Task item
Each entry should be set down again verbatim, with the images omitted.

Data to examine
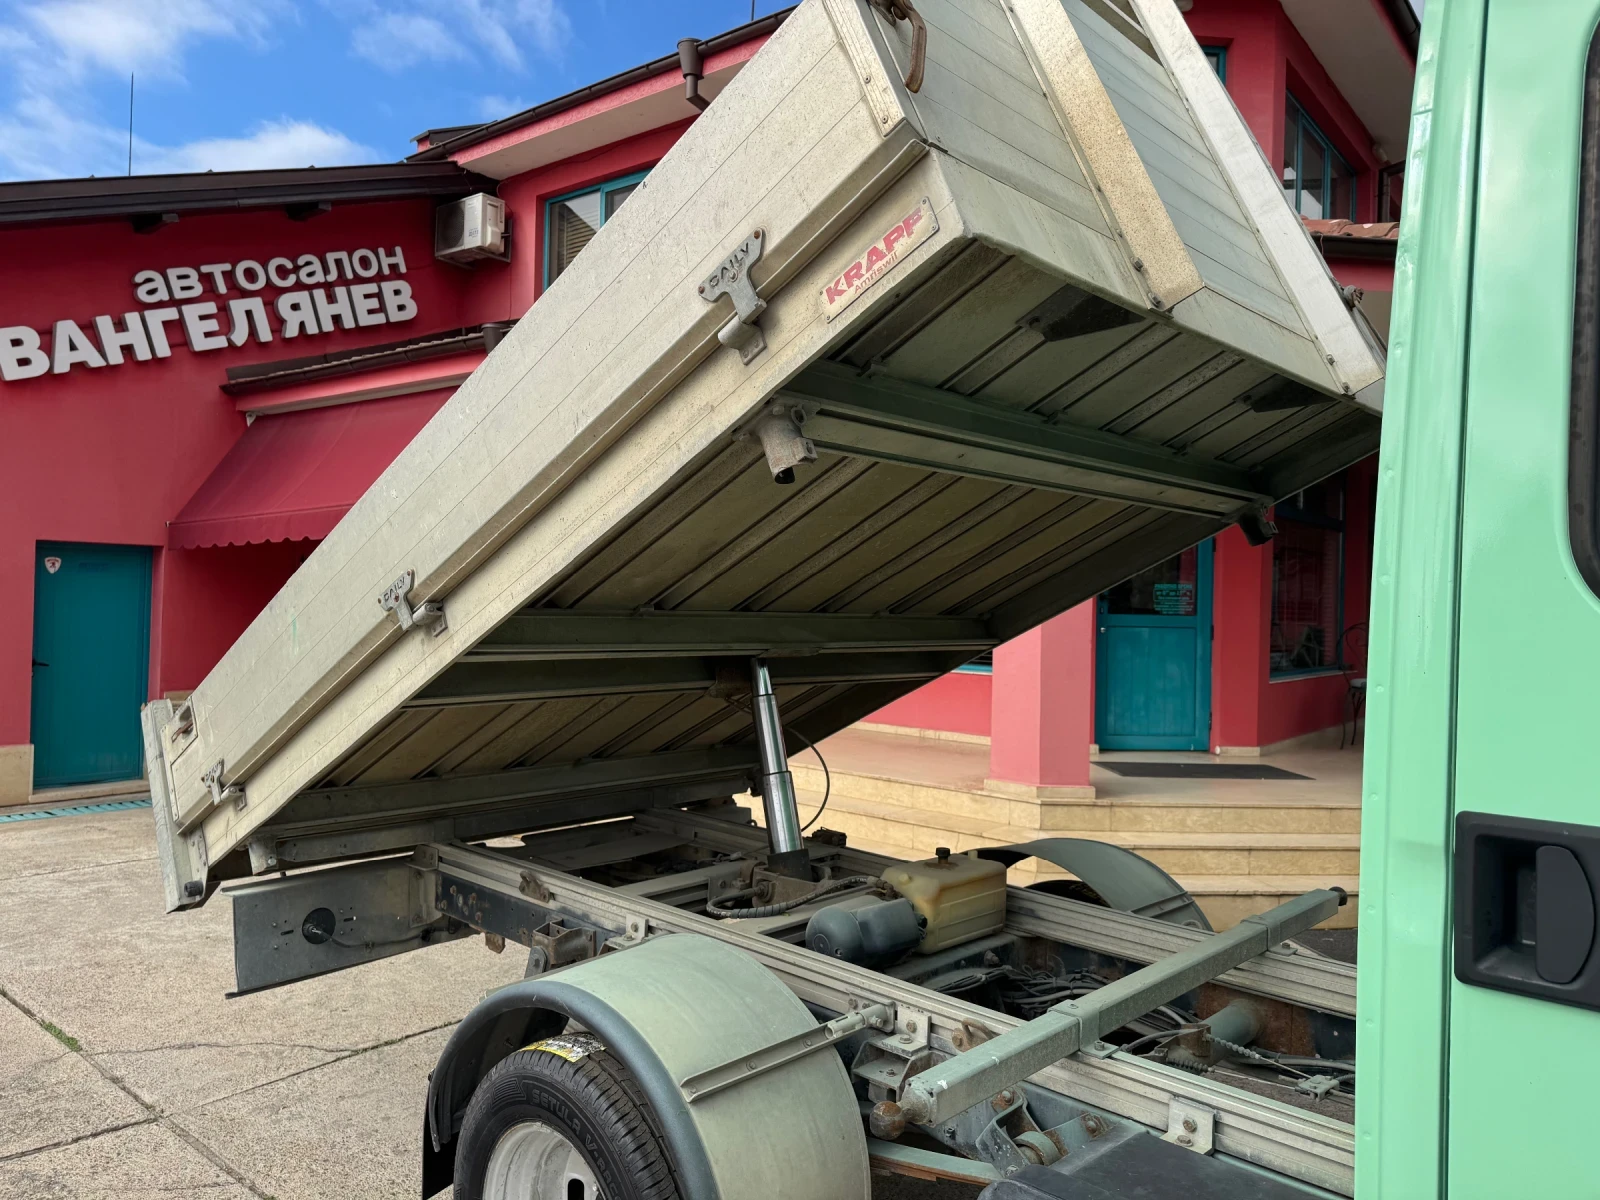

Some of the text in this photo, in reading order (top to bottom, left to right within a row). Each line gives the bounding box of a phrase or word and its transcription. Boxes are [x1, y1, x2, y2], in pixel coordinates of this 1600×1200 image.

[134, 246, 408, 303] автосалон
[854, 252, 898, 294] Amriswil
[0, 280, 418, 381] ВАНГЕЛ ЯНЕВ
[530, 1088, 621, 1200] SETULA V-RAC

Response
Some of the text in this photo, in reading order (top to bottom, left to right within a row). Each line gives the bounding box of a phrase or word and its transcription. Boxes are [x1, y1, x2, y2], in pixel coordinates of this 1600×1200 image.

[134, 246, 408, 303] автосалон
[854, 252, 898, 294] Amriswil
[0, 280, 418, 381] ВАНГЕЛ ЯНЕВ
[530, 1088, 621, 1200] SETULA V-RAC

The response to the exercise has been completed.